Airbnb, Uber, and others will also need to be flexible, as regulations are often made on a city-by-city basis. “The federal government is not going to regulate this,” said Matthew Yale, the Head of Regulatory Affairs at political strategy firm Tusk Ventures. Tusk straddles the roles of Olivia Pope, Patton Boggs and Marc Andreessen for tech companies that run into regulatory hurdles, and works with Uber and other major companies.

“If there is not going to be some compromise or efforts made, I would question the longevity of the business,” Yale added.

Accela wants to be part of backend integration for the sharing economy, and has done this type of integration before. The company worked with Yelp to include health inspection records into restaurant profiles. Accela also offers a solution for solar permitting that enables users to submit necessary documents and photos straight to inspectors and utility companies. A process that once took 30 days now takes one.

Before change can happen in sharing economy regulation, municipalities first have to lower the barriers to compliance. Applicants should not be required to send physical documentation to multiple government offices and wait for approval. Once compliance is attainable, tech companies have to stop letting users violate known regulations. The best way to accomplish this will be backend API integration directly with civic regulatory data.

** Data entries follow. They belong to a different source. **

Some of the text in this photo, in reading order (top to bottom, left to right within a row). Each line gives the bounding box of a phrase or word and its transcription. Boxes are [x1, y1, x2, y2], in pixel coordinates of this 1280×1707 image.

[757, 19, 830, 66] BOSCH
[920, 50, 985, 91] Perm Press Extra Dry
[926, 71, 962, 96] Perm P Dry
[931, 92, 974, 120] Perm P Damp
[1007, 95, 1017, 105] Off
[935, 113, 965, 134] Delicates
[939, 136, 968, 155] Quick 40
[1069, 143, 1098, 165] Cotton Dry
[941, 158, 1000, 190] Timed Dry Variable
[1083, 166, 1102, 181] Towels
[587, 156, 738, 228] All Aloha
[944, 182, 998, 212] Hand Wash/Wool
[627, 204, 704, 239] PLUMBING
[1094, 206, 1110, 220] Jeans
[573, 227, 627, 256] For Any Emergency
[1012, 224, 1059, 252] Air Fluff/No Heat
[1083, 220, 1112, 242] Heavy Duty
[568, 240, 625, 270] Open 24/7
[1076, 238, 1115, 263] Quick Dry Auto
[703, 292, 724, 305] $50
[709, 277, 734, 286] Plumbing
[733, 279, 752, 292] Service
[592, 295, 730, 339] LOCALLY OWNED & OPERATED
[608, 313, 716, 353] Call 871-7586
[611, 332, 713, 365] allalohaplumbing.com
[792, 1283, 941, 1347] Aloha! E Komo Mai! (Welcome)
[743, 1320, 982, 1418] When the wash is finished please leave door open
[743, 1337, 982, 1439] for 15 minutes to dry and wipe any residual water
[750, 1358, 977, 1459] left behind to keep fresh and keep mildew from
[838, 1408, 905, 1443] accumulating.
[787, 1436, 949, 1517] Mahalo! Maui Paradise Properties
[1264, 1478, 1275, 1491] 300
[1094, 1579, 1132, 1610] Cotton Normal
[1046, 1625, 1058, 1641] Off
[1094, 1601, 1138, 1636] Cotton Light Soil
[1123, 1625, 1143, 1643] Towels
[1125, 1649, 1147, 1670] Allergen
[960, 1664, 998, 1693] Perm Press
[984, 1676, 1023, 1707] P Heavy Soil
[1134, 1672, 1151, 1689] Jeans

There is precedent for SaaS-induced societal change. Marijuana was made legal in Denver, CO in 2012. The city was hit with a wave of retail marijuana applications spread across seven types of licenses. Accela estimates that the city saved $3.5 million over the last five years by centralizing information on the company’s platform. Information sharing and modernized management systems enabled the city to respond to applications twice as fast as before implementation.

Asheville, NC is one of a small number of cities using Accela to manage homestays. The system isn’t slick but it works. Asheville hired an enforcement employee in another signal that the city is ready and willing to work with renters. The most advanced test run was in Dubai. Users in the city can use a web portal to receive regulatory approval to list their homes as short term rentals. Taking the process digital only solves part of the problem but saves time and provides scaleable oversight to the wild-west sharing economy.

The best catalyst for change will be government association meetings like the National League of Cities, where municipal leaders mingle and share best practices. It may sound comical, but summits like this actually do spark change. Accela is at a huge advantage because the company already has relationships with urban decision makers.

The federal government is not going to regulate this.
— Matthew Yale

Getting the sharing economy under control will almost certainly take longer than expected. Accela plans to work in baby steps with its lobbyists. Startups rightly should fight to maintain user experience so long as it doesn’t come at the price of safety. That said, it’s harder to disrupt laws than eager startups may think.

Airbnb acknowledged the prospect of a platform to allow municipalities to accept permit applications for short term rentals online was interesting when we asked the company, but decided not to comment further. We reached out to Uber but the company did not respond to our request for comment. My money is on an Airbnb-Accela partnership over the next six to twelve months.

Taking permits digital will only go so far in solving the regulatory ailments of the sharing economy. Anything short of backend deployment within an app like Airbnb will be a disappointment.

“Not going to rule it out, our tech can make that possible,” said Tim Woodbury, Director of Government Relations for Accela. “It’s a matter of whether cities and the sharing economy head in that direction.”

Change is going to be minimal until government starts dreaming and tech gets realistic.